The physician was astonished to find that the young mandarin had gone, not having been aware that he had so far recovered as even to leave his chamber. He was more surprised, and not altogether pleased, to discover that the screens, of which his daughter's first letter had made mention, had been so soon displaced; and his spectacles assumed a larger appearance than ever when he heard of the subsequent progress of events. His pig-tail grew exceedingly uneasy, waving in gentle undulations, and occasionally coiling round his shoulders; and, lighting his pipe with great precipitation, he began to smoke with so much energy as to wrinkle up the bamboo, and contract it in length some inches.

Now the fact is that Nu-Moun would have excused his daughter's imprudence, and would have made no objection to her marriage with a young mandarin of so much repute as Si-Long, had it not chanced that he had formed a little plot of his own, with which that of the young people might materially interfere. A fortunate conjunction of stars had suggested the idea, and the more he had pondered upon it, the more it had delighted him.

Need it be said that Tou-Keen would not have been fixed upon as the heroine of this story, had she not been at that precise period the most

beautiful lady in the Chinese dominions? Now it is a custom in the celestial land, when a fresh ruler comes to the throne (as, thanks to the astrological science which Nu-Moun himself had brought to bear on the late Emperor, was now about to be the case), that parents who possess unmarried daughters of great beauty, and of a marriageable age, respectfully offer them to the notice of their sovereign; and from among these, besides making up his little museum of handmaidens, he not unfrequently selects his Empress.

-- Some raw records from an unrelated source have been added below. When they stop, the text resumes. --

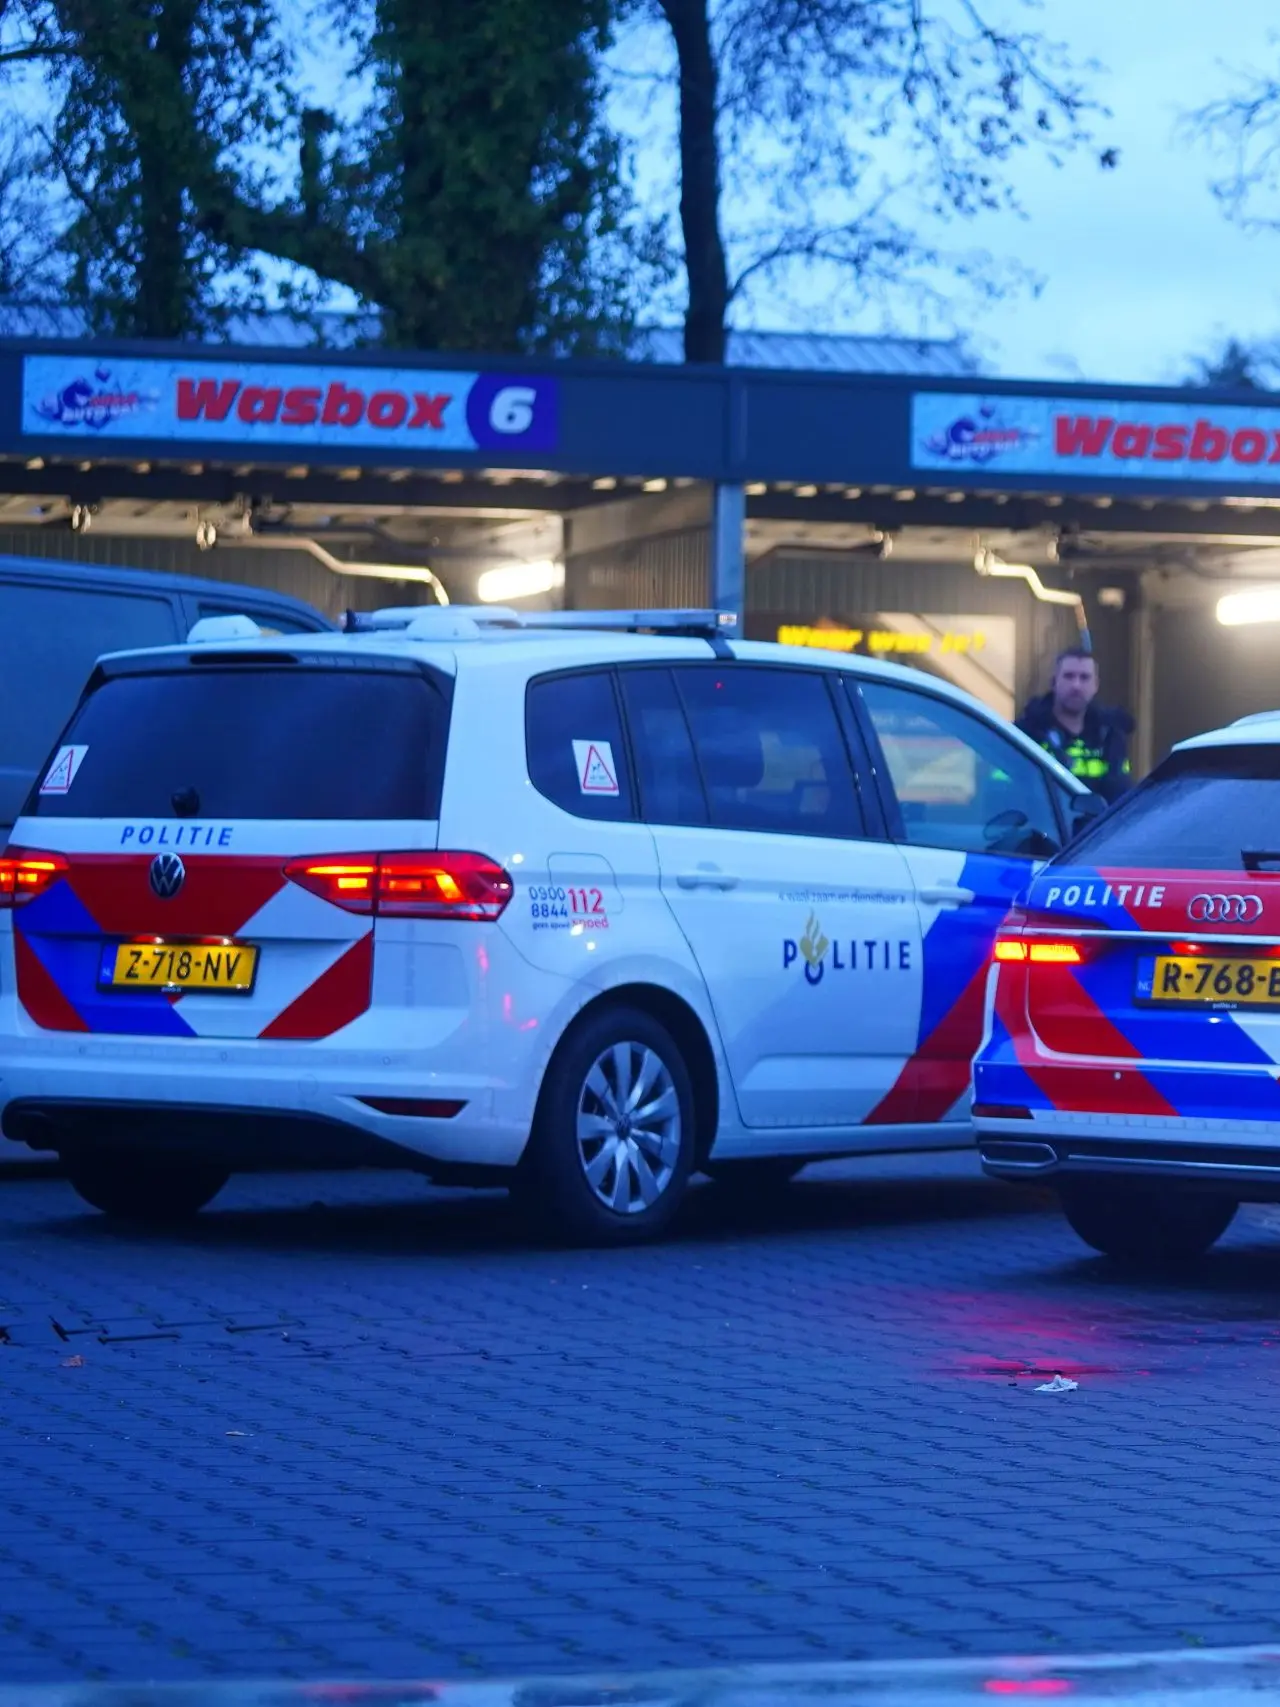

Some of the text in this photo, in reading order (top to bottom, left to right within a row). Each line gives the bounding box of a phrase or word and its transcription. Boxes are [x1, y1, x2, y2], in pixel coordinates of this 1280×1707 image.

[175, 379, 537, 434] Wasbox 6
[120, 826, 233, 846] POLITIE
[528, 886, 566, 901] 0900
[568, 888, 605, 914] 112
[1045, 885, 1165, 908] POLITIE
[531, 903, 568, 918] 8844
[125, 950, 241, 981] Z-718-NV

The worshipful physician was already in favour with the Emperor elect; so that he might consider there would be little difficulty in obtaining for his lovely daughter an introduction to that potentate. And then-relying much on her surpassing beauty, but more on the promise of the stars-he entertained a strong hope, almost a confidence, that she would find such favour in the imperial eyes as to be the enviable one selected to share the throne;-or at least-but no ' at least'-it must assuredly be thus, and not otherwise.

Nu-Moun was therefore perplexed; but entertaining no very high opinion of the permanency of ladies' affections, he determined to conceal his purpose for a time, till the ardour of her love for SiLong might somewhat abate, but to accede to her request so far as the journey to Peking was concerned. The idea of becoming an empress, he imagined, must kindle some feelings of ambition in any female mind and as he reflected thus, his queue grew calmer.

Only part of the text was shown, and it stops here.